» REQUIREMENT
Write the entries out exactly. Any images they hold stay out of the copy.

Records drawn from a dataset
----------------------------------------

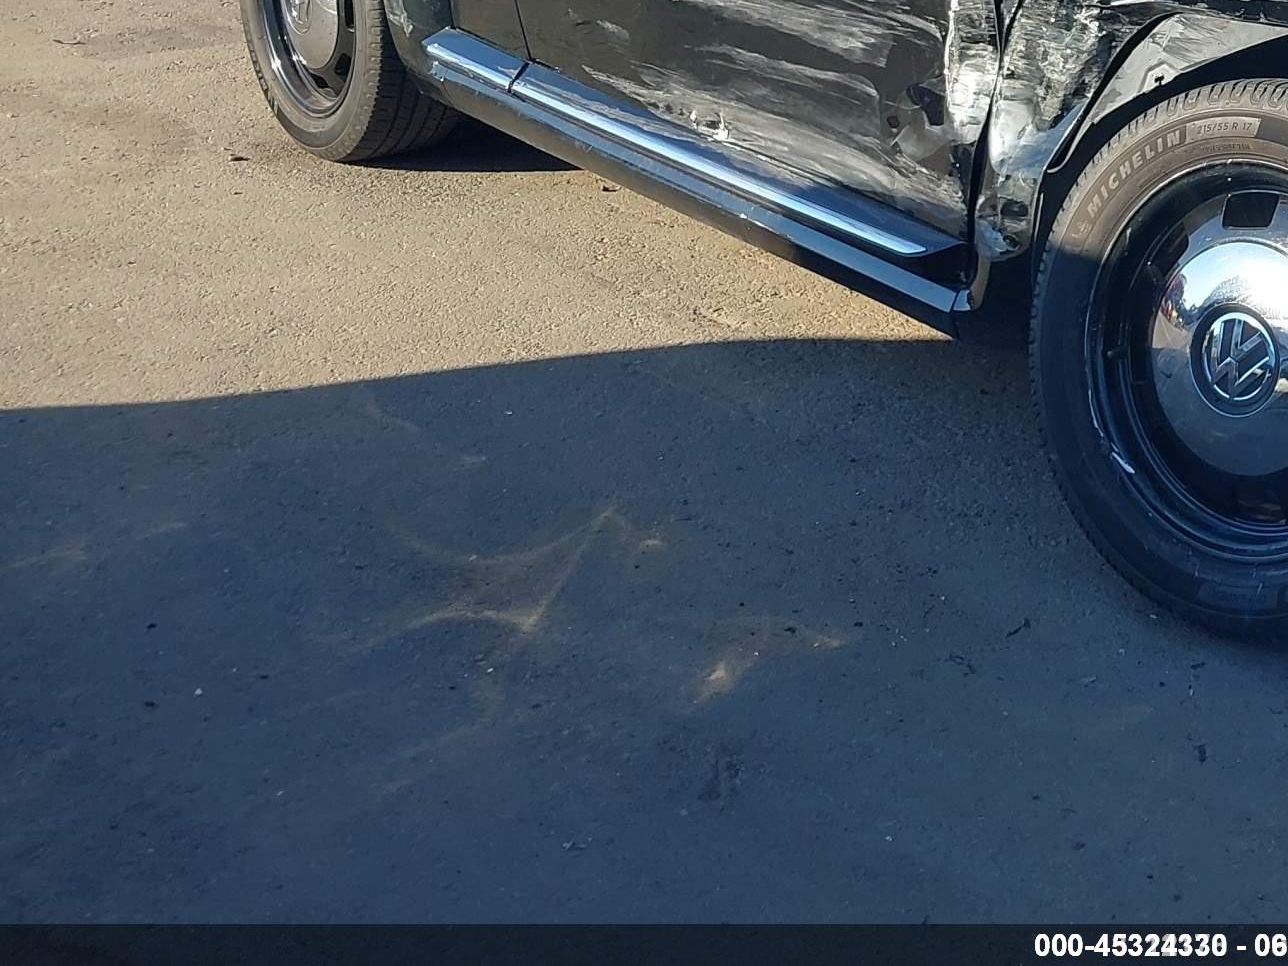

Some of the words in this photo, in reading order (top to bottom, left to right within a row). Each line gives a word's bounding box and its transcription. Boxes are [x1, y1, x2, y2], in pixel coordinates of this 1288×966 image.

[1197, 122, 1229, 134] 215/55
[1231, 122, 1239, 131] R
[1242, 122, 1252, 131] 17
[1087, 129, 1181, 218] MICHELIN

----------------------------------------

» EXERCISE ANSWER
Some of the words in this photo, in reading order (top to bottom, left to right within a row). Each line gives a word's bounding box and its transcription. Boxes are [x1, y1, x2, y2], in pixel coordinates of this 1288×966 image.

[1197, 122, 1229, 134] 215/55
[1231, 122, 1239, 131] R
[1242, 122, 1252, 131] 17
[1087, 129, 1181, 218] MICHELIN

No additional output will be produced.